The material beneath this line should be printed exactly, with its pictures omitted.

Content starts

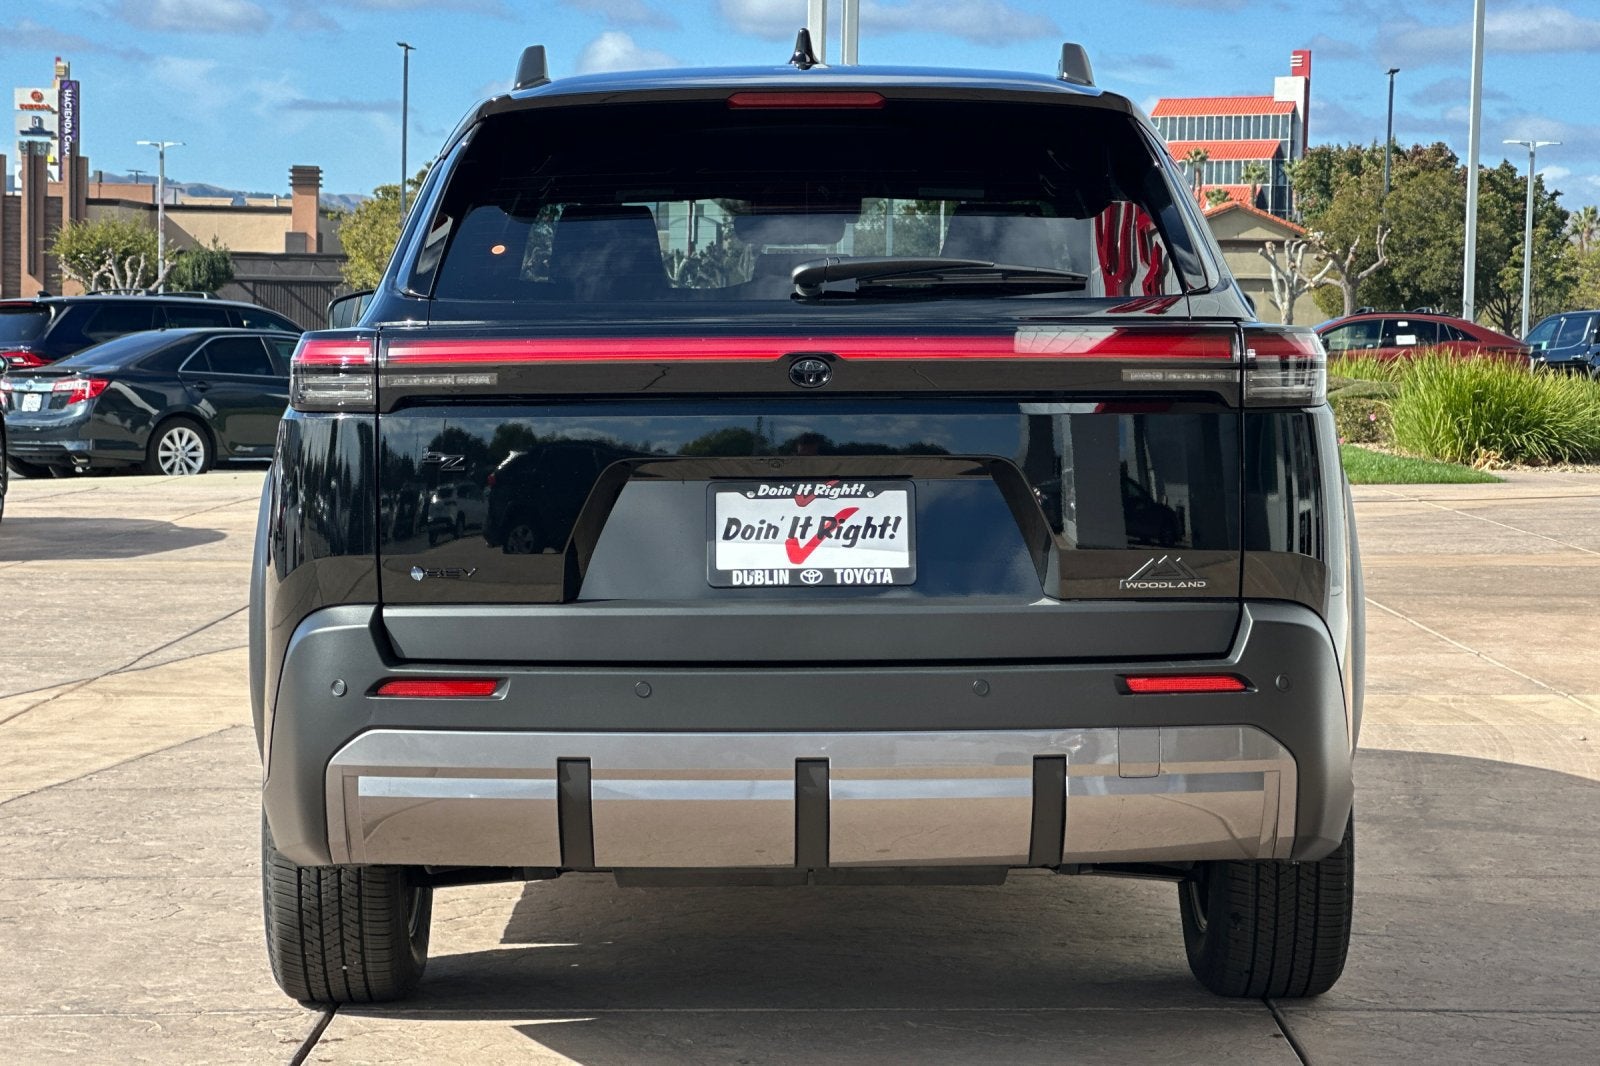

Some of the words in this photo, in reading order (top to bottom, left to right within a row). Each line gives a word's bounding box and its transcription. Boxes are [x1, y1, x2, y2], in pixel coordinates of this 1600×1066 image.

[64, 89, 72, 134] HACIENDA
[757, 484, 795, 496] Doin'
[796, 484, 812, 496] It
[814, 483, 866, 499] Right!
[722, 516, 785, 541] Doin'
[787, 516, 814, 540] It
[817, 515, 903, 548] Right!
[732, 570, 790, 586] DUBLIN
[834, 569, 894, 584] TOYOTA
[1125, 580, 1207, 589] WOODLAND
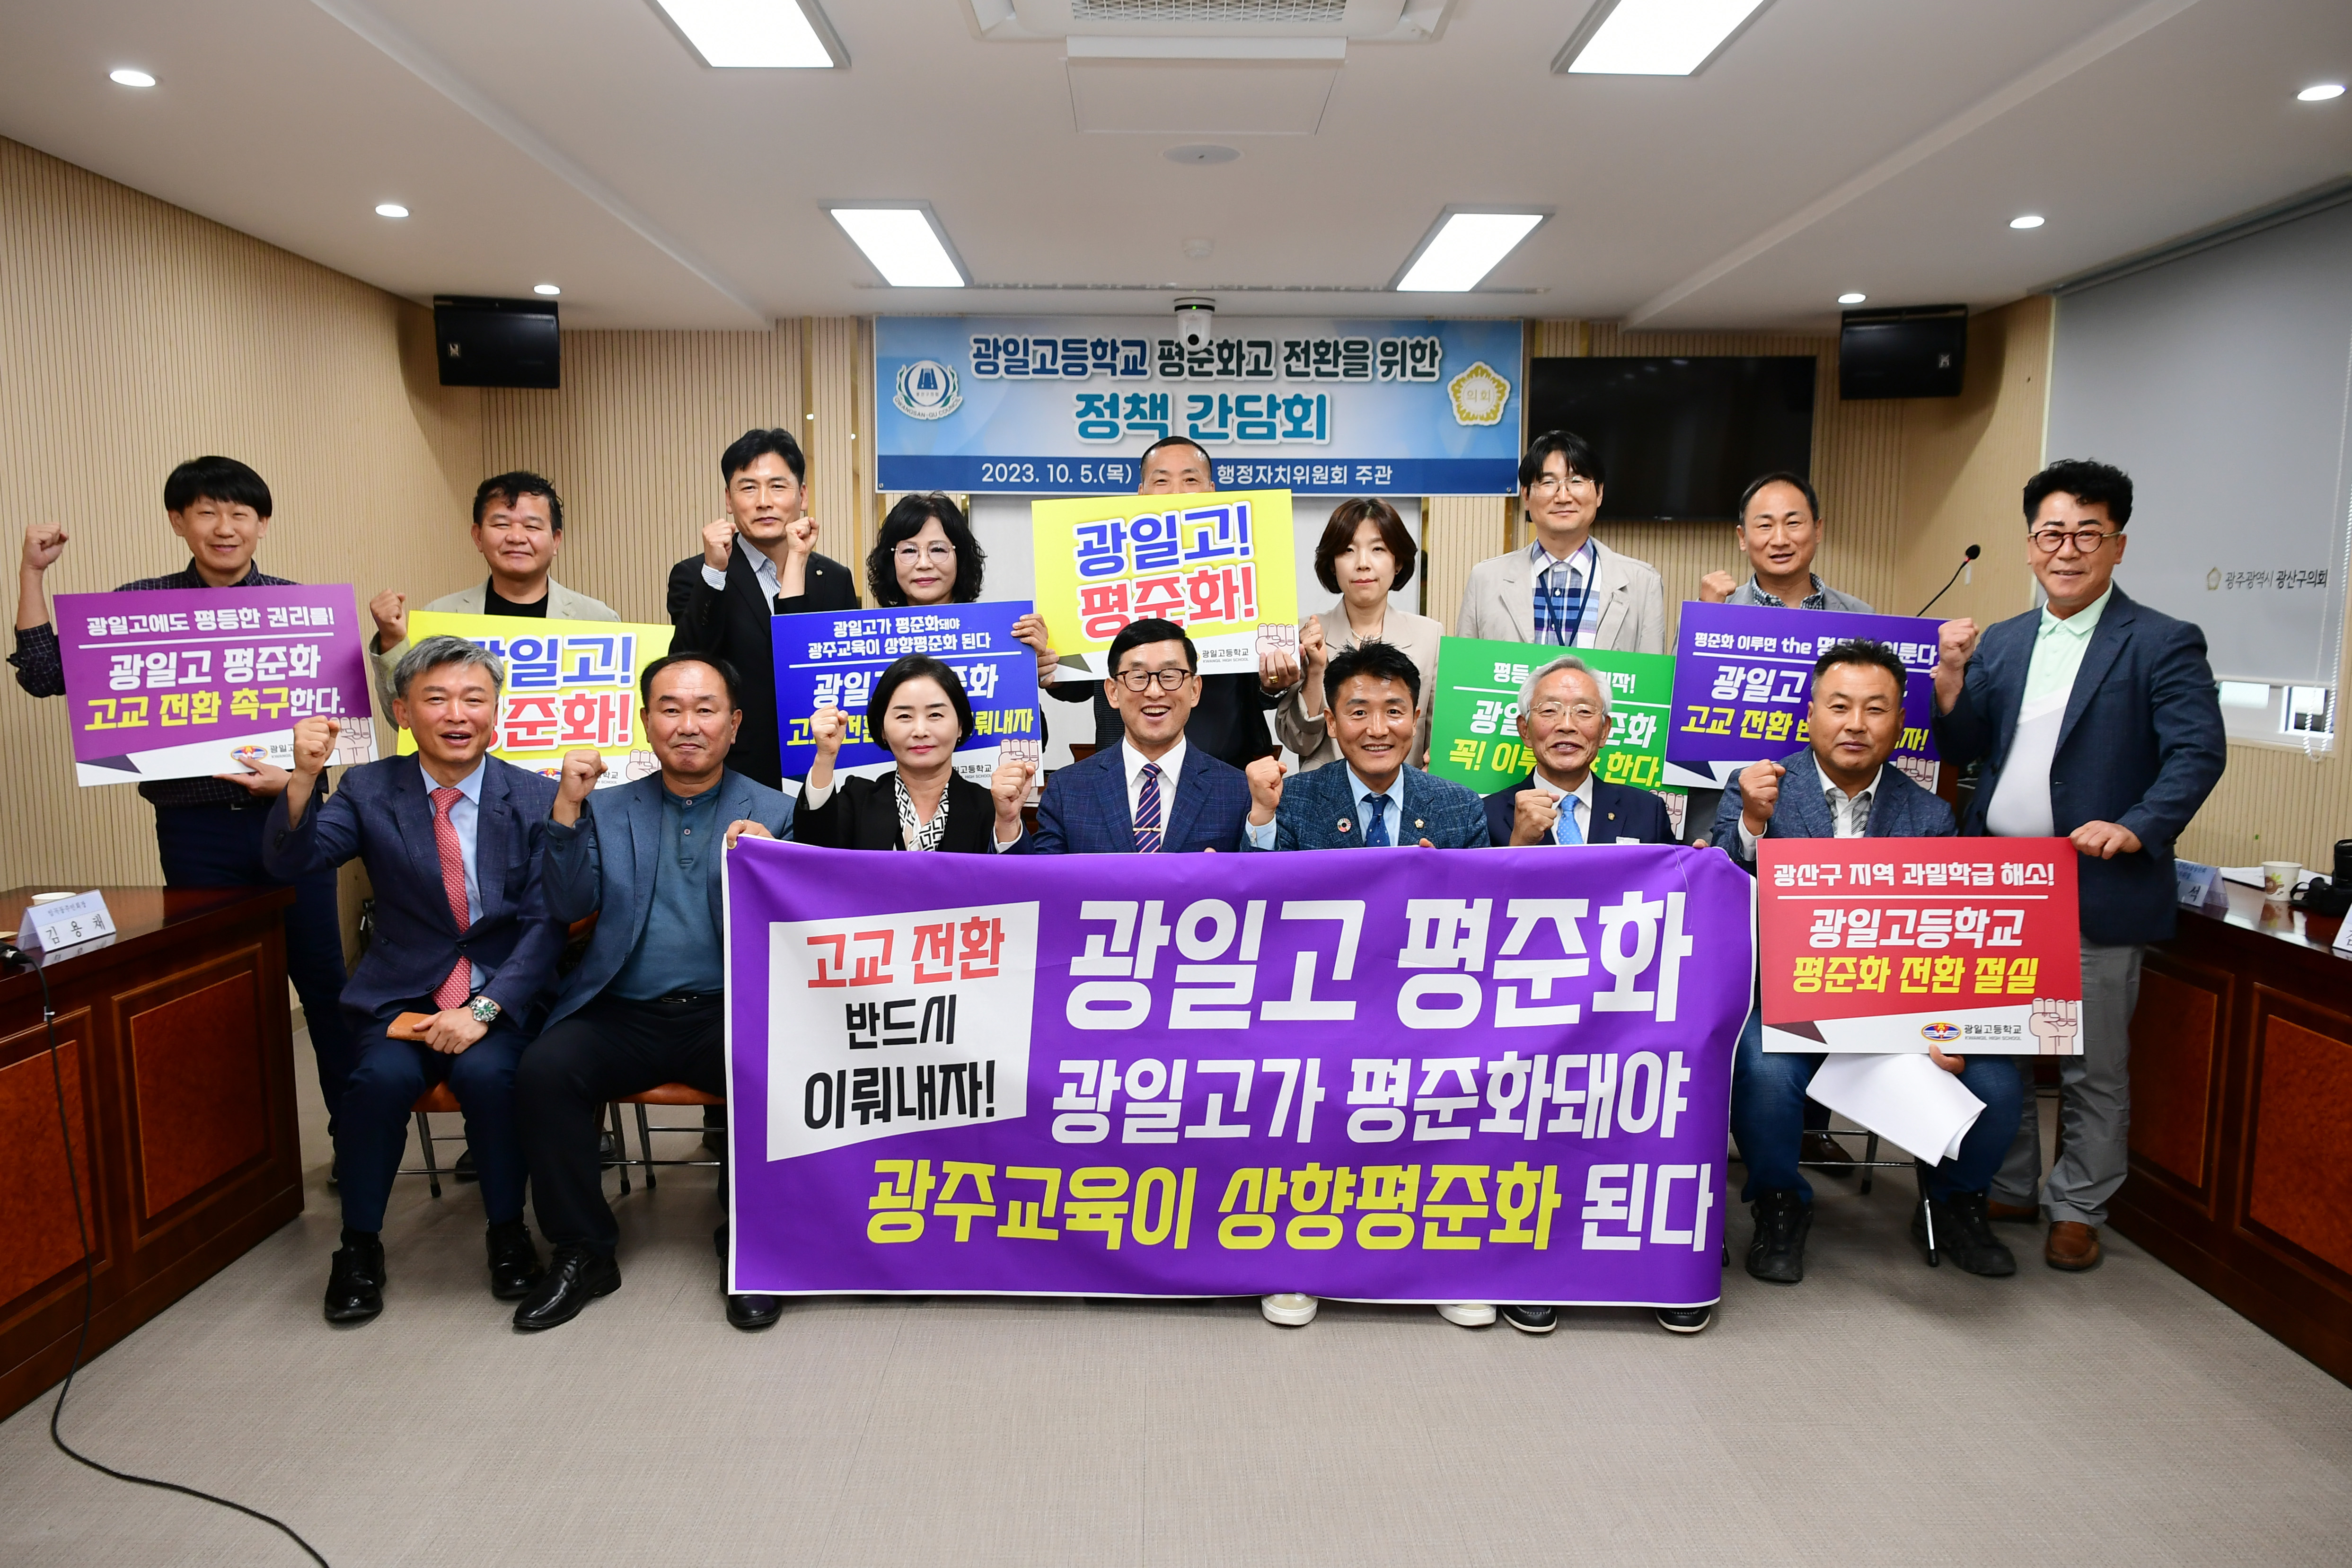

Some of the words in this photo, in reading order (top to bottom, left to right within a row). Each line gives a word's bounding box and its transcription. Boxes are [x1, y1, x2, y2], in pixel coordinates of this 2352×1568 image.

[972, 338, 1149, 376] 광일고등학교
[1157, 338, 1274, 377] 평준화고
[1284, 339, 1370, 378] 전환을
[1380, 339, 1439, 378] 위한
[1075, 392, 1169, 439] 정책
[1186, 393, 1326, 440] 간담회
[981, 463, 1039, 483] 2023.
[1047, 463, 1073, 483] 10.
[1216, 464, 1348, 485] 행정자치위원회
[1355, 465, 1393, 485] 주관
[1076, 504, 1250, 577] 광일고!
[2226, 571, 2273, 589] 광주광역시
[2276, 569, 2328, 589] 광산구의회
[86, 613, 190, 636] 광일고에도
[194, 607, 261, 631] 평등한
[266, 606, 335, 628] 권리를!
[1080, 566, 1255, 639] 평준화!
[808, 638, 880, 660] 광주교육이
[884, 634, 958, 654] 상향평준화
[961, 632, 992, 650] 된다
[833, 618, 892, 638] 광일고가
[895, 615, 960, 634] 평준화돼야
[1694, 632, 1735, 650] 평준화
[1737, 635, 1777, 653] 이루면
[1781, 636, 1812, 655] the
[109, 650, 212, 691] 광일고
[223, 643, 321, 683] 평준화
[1202, 648, 1249, 658] 광일고등학교
[813, 671, 885, 708] 광일
[1493, 662, 1529, 684] 평등
[1711, 665, 1807, 704] 광일고
[84, 696, 150, 731] 고교
[159, 689, 222, 727] 전환
[229, 687, 345, 721] 촉구한다.
[488, 693, 630, 748] 준화!
[970, 708, 1034, 736] 뤄내자
[1680, 705, 1735, 735] 고교
[1739, 709, 1794, 741] 전환
[270, 744, 294, 753] 광일고
[1449, 739, 1487, 771] 꼭!
[1603, 751, 1661, 787] 한다.
[952, 764, 992, 774] 일고등학교
[1773, 863, 1842, 888] 광산구
[1849, 863, 1894, 886] 지역
[1901, 861, 1995, 886] 과밀학급
[2000, 862, 2054, 886] 해소!
[1808, 907, 2025, 949] 광일고등학교
[806, 929, 894, 988] 고교
[911, 916, 1005, 985] 전환
[1065, 898, 1366, 1030] 광일고
[1396, 890, 1694, 1030] 평준화
[1792, 955, 1891, 994] 평준화
[1899, 955, 1965, 994] 전환
[1974, 957, 2040, 995] 절실
[846, 994, 957, 1050] 반드시
[1964, 1024, 2022, 1035] 광일고등학교
[804, 1059, 995, 1129] 이뤄내자!
[1051, 1057, 1326, 1144] 광일고가
[1346, 1050, 1691, 1144] 평준화돼야
[867, 1158, 1198, 1251] 광주교육이
[1217, 1161, 1562, 1251] 상향평준화
[1581, 1163, 1714, 1252] 된다

Content ends

> _Response to the task_
Some of the words in this photo, in reading order (top to bottom, left to right within a row). Each line gives a word's bounding box and its transcription. Boxes are [x1, y1, x2, y2], in pixel coordinates of this 1600×1066 image.

[64, 89, 72, 134] HACIENDA
[757, 484, 795, 496] Doin'
[796, 484, 812, 496] It
[814, 483, 866, 499] Right!
[722, 516, 785, 541] Doin'
[787, 516, 814, 540] It
[817, 515, 903, 548] Right!
[732, 570, 790, 586] DUBLIN
[834, 569, 894, 584] TOYOTA
[1125, 580, 1207, 589] WOODLAND

Some of the words in this photo, in reading order (top to bottom, left to right within a row). Each line gives a word's bounding box and its transcription. Boxes are [x1, y1, x2, y2], in pixel coordinates of this 2352×1568 image.

[972, 338, 1149, 376] 광일고등학교
[1157, 338, 1274, 377] 평준화고
[1284, 339, 1370, 378] 전환을
[1380, 339, 1439, 378] 위한
[1075, 392, 1169, 439] 정책
[1186, 393, 1326, 440] 간담회
[981, 463, 1039, 483] 2023.
[1047, 463, 1073, 483] 10.
[1216, 464, 1348, 485] 행정자치위원회
[1355, 465, 1393, 485] 주관
[1076, 504, 1250, 577] 광일고!
[2226, 571, 2273, 589] 광주광역시
[2276, 569, 2328, 589] 광산구의회
[86, 613, 190, 636] 광일고에도
[194, 607, 261, 631] 평등한
[266, 606, 335, 628] 권리를!
[1080, 566, 1255, 639] 평준화!
[808, 638, 880, 660] 광주교육이
[884, 634, 958, 654] 상향평준화
[961, 632, 992, 650] 된다
[833, 618, 892, 638] 광일고가
[895, 615, 960, 634] 평준화돼야
[1694, 632, 1735, 650] 평준화
[1737, 635, 1777, 653] 이루면
[1781, 636, 1812, 655] the
[109, 650, 212, 691] 광일고
[223, 643, 321, 683] 평준화
[1202, 648, 1249, 658] 광일고등학교
[813, 671, 885, 708] 광일
[1493, 662, 1529, 684] 평등
[1711, 665, 1807, 704] 광일고
[84, 696, 150, 731] 고교
[159, 689, 222, 727] 전환
[229, 687, 345, 721] 촉구한다.
[488, 693, 630, 748] 준화!
[970, 708, 1034, 736] 뤄내자
[1680, 705, 1735, 735] 고교
[1739, 709, 1794, 741] 전환
[270, 744, 294, 753] 광일고
[1449, 739, 1487, 771] 꼭!
[1603, 751, 1661, 787] 한다.
[952, 764, 992, 774] 일고등학교
[1773, 863, 1842, 888] 광산구
[1849, 863, 1894, 886] 지역
[1901, 861, 1995, 886] 과밀학급
[2000, 862, 2054, 886] 해소!
[1808, 907, 2025, 949] 광일고등학교
[806, 929, 894, 988] 고교
[911, 916, 1005, 985] 전환
[1065, 898, 1366, 1030] 광일고
[1396, 890, 1694, 1030] 평준화
[1792, 955, 1891, 994] 평준화
[1899, 955, 1965, 994] 전환
[1974, 957, 2040, 995] 절실
[846, 994, 957, 1050] 반드시
[1964, 1024, 2022, 1035] 광일고등학교
[804, 1059, 995, 1129] 이뤄내자!
[1051, 1057, 1326, 1144] 광일고가
[1346, 1050, 1691, 1144] 평준화돼야
[867, 1158, 1198, 1251] 광주교육이
[1217, 1161, 1562, 1251] 상향평준화
[1581, 1163, 1714, 1252] 된다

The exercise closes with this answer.